Fathers bear all kinds of burdens, and the best of them do so with quiet determination.

Fathers bear all kinds of burdens, and the best of them do so with quiet determination. In The Best Years of Our Lives (1946), three fathers exemplify this: Fredric March, as the dad come home from war whose daughter falls for a married veteran; Roman Bohnen, in one affecting scene where he learns of his son’s heroism on bombing missions; and Walter Baldwin, as the father of a sailor who has lost both his hands. And the other landmark film from that same year, It’s a Wonderful Life, can be seen as the story of a son who comes, however reluctantly, to model his whole life on that of his father, and to see the worth of his steady, uncomplaining contribution to their community.

Gregory Peck, it seems, was born to play fathers. In 1962 alone he played two memorable ones, both lawyers in the South. In Cape Fear, he is Sam Bowden, whose family is threatened by an ex-con he sent to prison, and who finds the inner resources to do whatever it takes to protect them. And in To Kill a Mockingbird, he is the almost unbelievably noble Atticus Finch, a widower capably raising two young children, who takes up the defense of a black man accused of raping a white woman.

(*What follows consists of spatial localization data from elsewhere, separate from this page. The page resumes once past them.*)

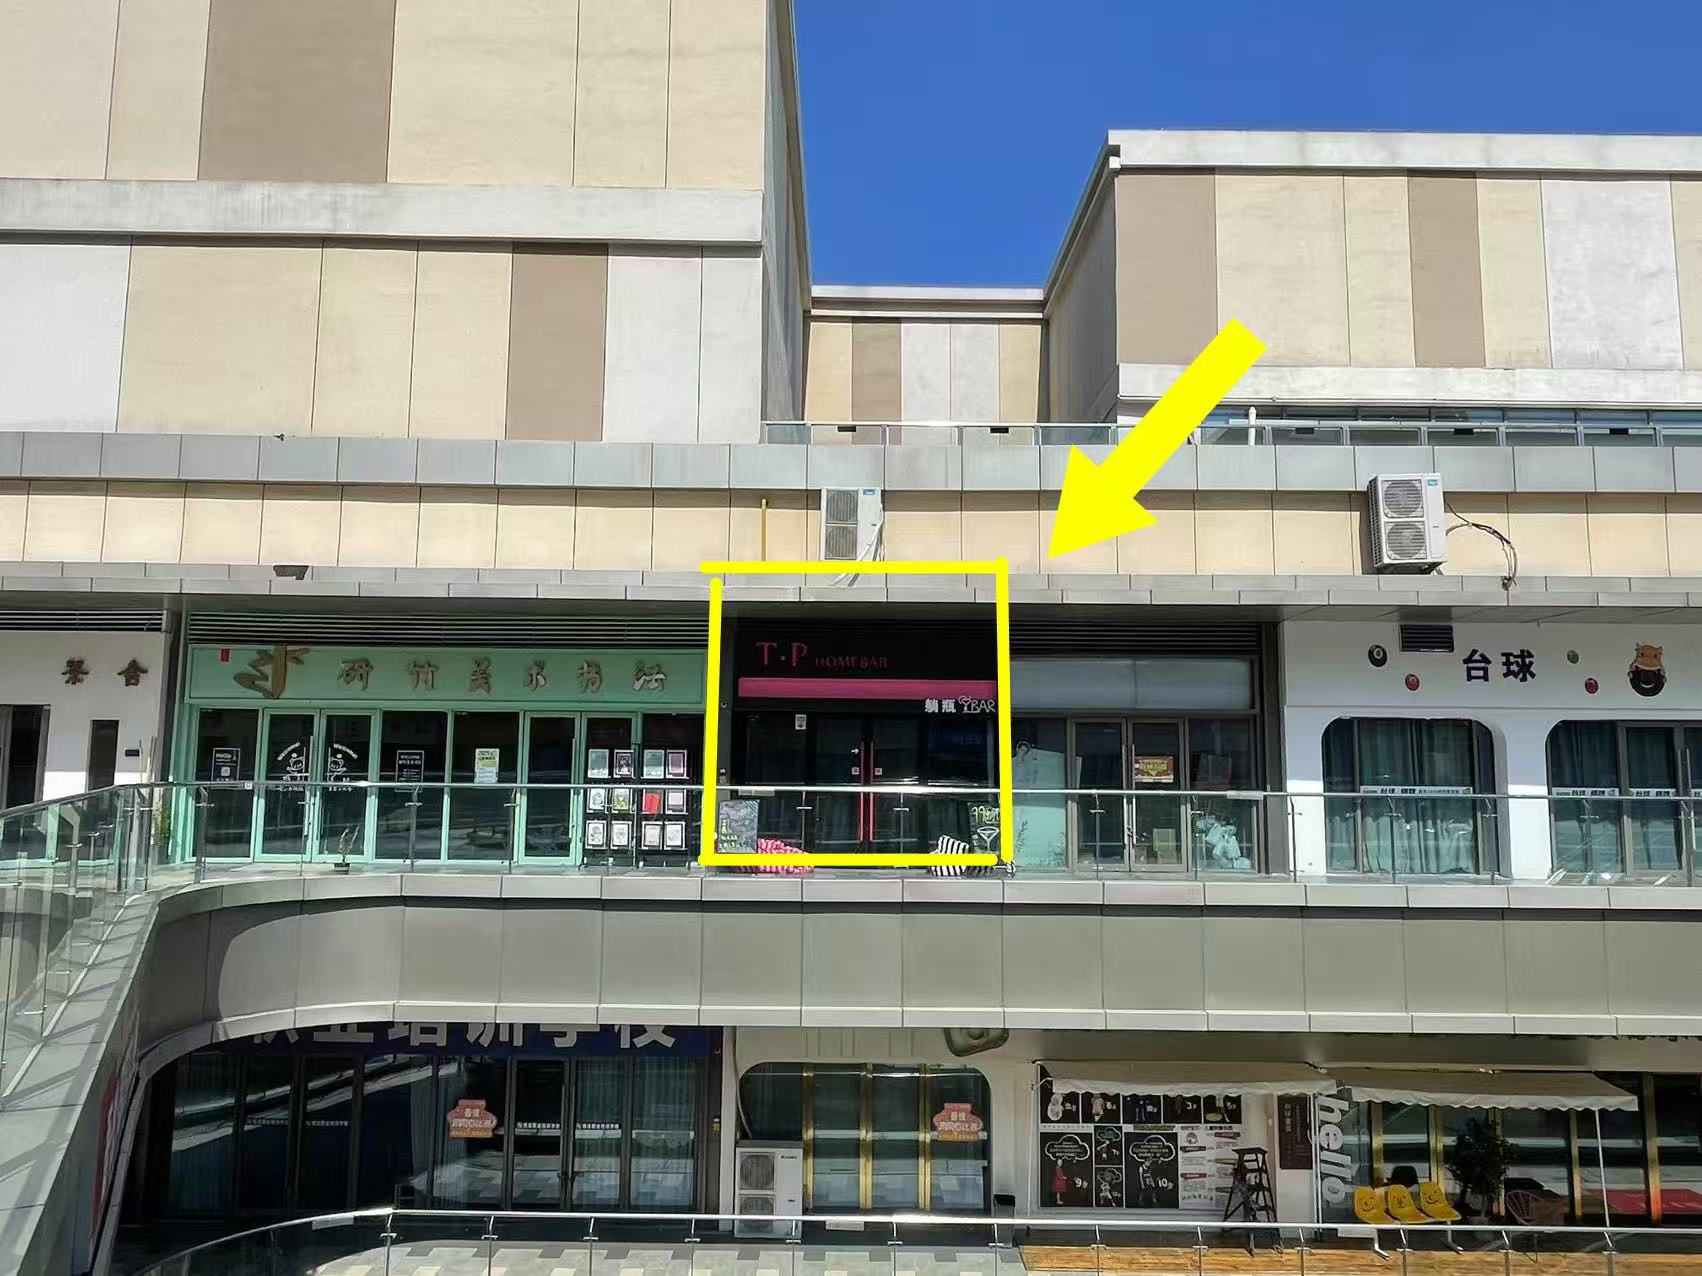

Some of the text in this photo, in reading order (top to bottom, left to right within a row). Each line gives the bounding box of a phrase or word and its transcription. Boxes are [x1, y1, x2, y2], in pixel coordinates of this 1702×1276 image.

[815, 655, 888, 669] HOMEBAR
[1462, 648, 1537, 683] 台球
[1317, 1095, 1352, 1204] hello
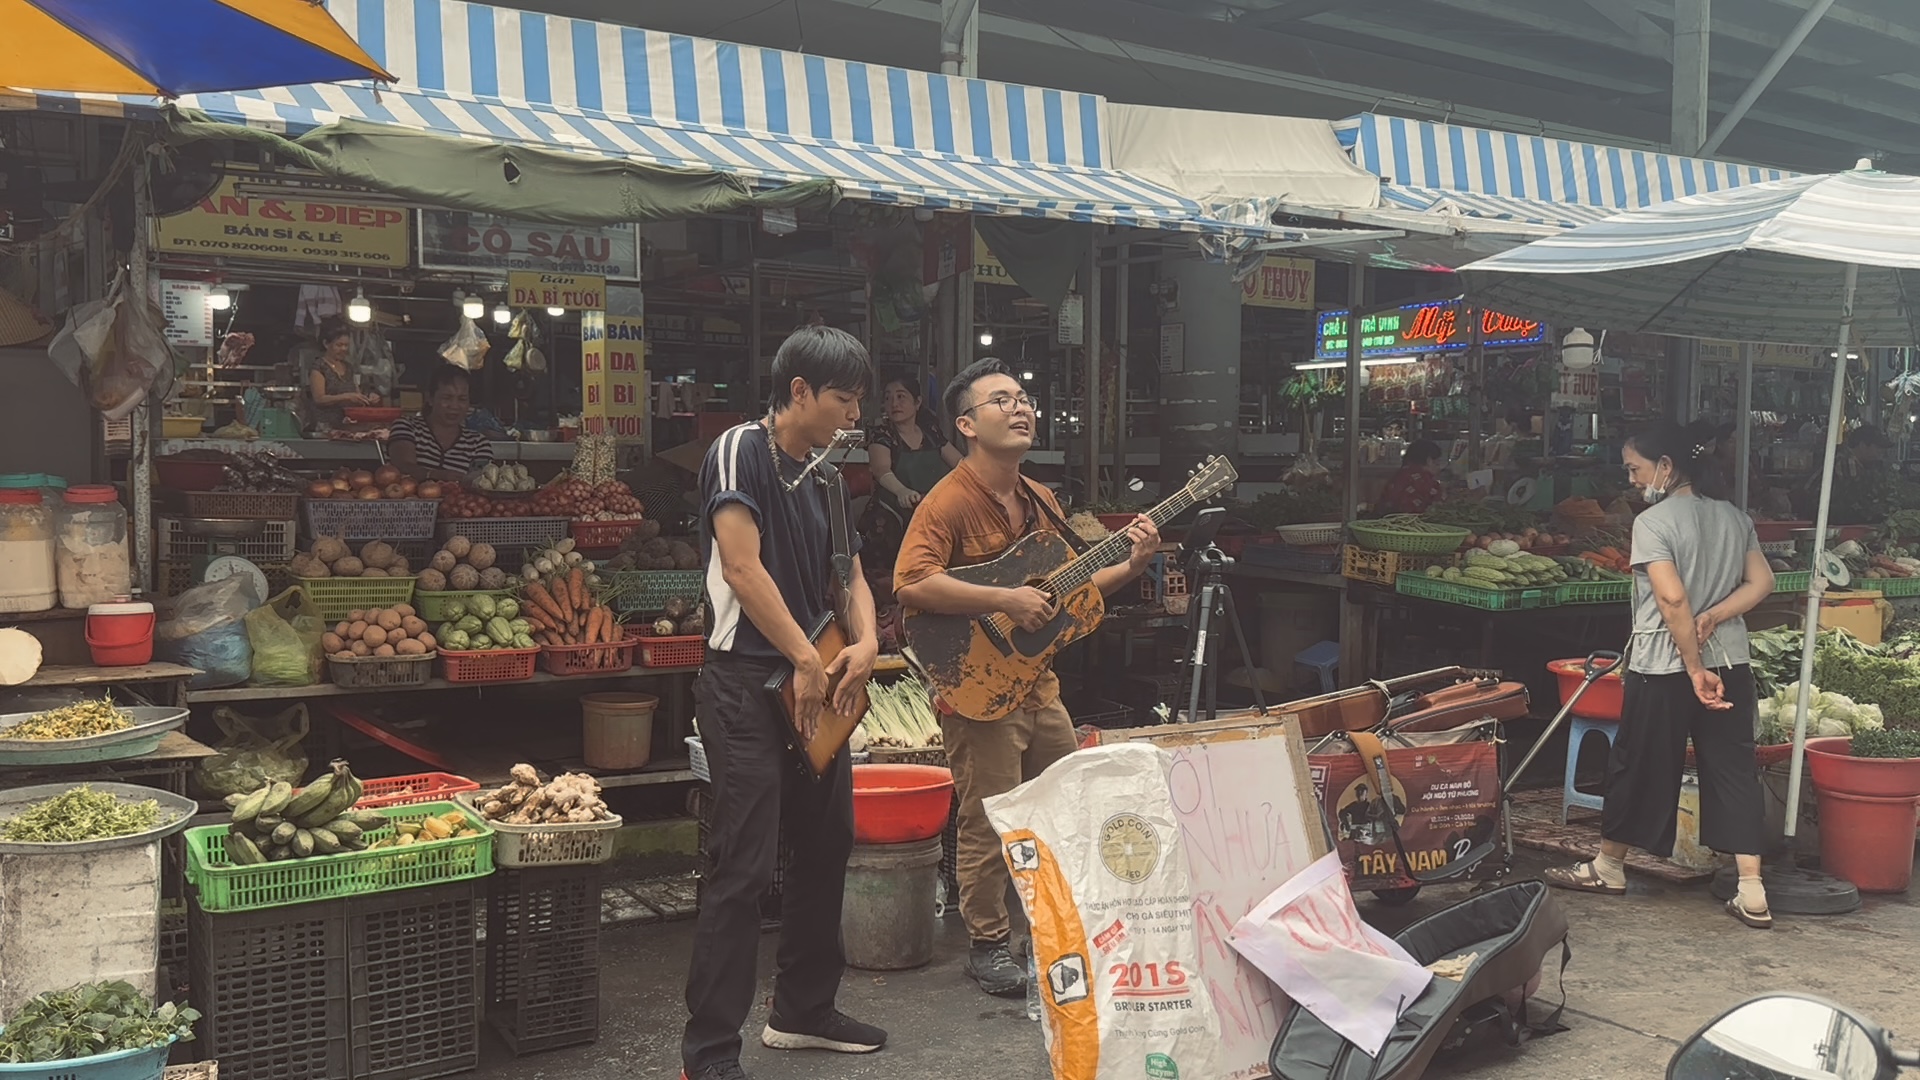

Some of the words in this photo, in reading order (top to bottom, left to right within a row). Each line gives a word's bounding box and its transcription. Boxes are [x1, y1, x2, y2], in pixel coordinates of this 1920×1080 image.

[258, 200, 296, 221] &
[224, 223, 268, 239] BÁN
[297, 230, 314, 242] &
[528, 229, 610, 262] SÁU
[515, 288, 538, 304] DA
[607, 321, 642, 341] BÁN
[585, 352, 600, 372] DA
[610, 352, 636, 372] DA
[614, 382, 635, 404] BÌ
[1104, 818, 1125, 842] GOLD
[1127, 818, 1152, 839] COIN
[1358, 849, 1398, 876] TÂY
[1114, 1000, 1146, 1012] BRLER
[1148, 999, 1193, 1012] STARTER

Fatherhood under stress can bring out amazing reserves of tenacity. James Stewart is tested by the kidnapping of his son in Alfred Hitchcock’s The Man Who Knew Too Much (1956). The scene where Stewart’s character, a doctor, drugs his anxious wife (Doris Day), may not sit too well with contemporary viewers, however.

Ending on a lighter note, I’ll recommend two films in which fathers go to humorous lengths to give their families more creature comforts. In Mr. Blandings Builds His Dream House (1948), Cary Grant suffers a series of indignities and outrageous costs to move his wife (Myrna Loy) and their two daughters from a cramped New York apartment to a new home in the Connecticut countryside. And in Our Man in Havana (1959), Alec Guinness, a humble vacuum cleaner salesman, gets involved in the Cold War spy game in order to ensure that his daughter can maintain her lifestyle as a country club equestrienne. Not long after this film was made, Fidel Castro took over Cuba.

As I said, dads never get a break.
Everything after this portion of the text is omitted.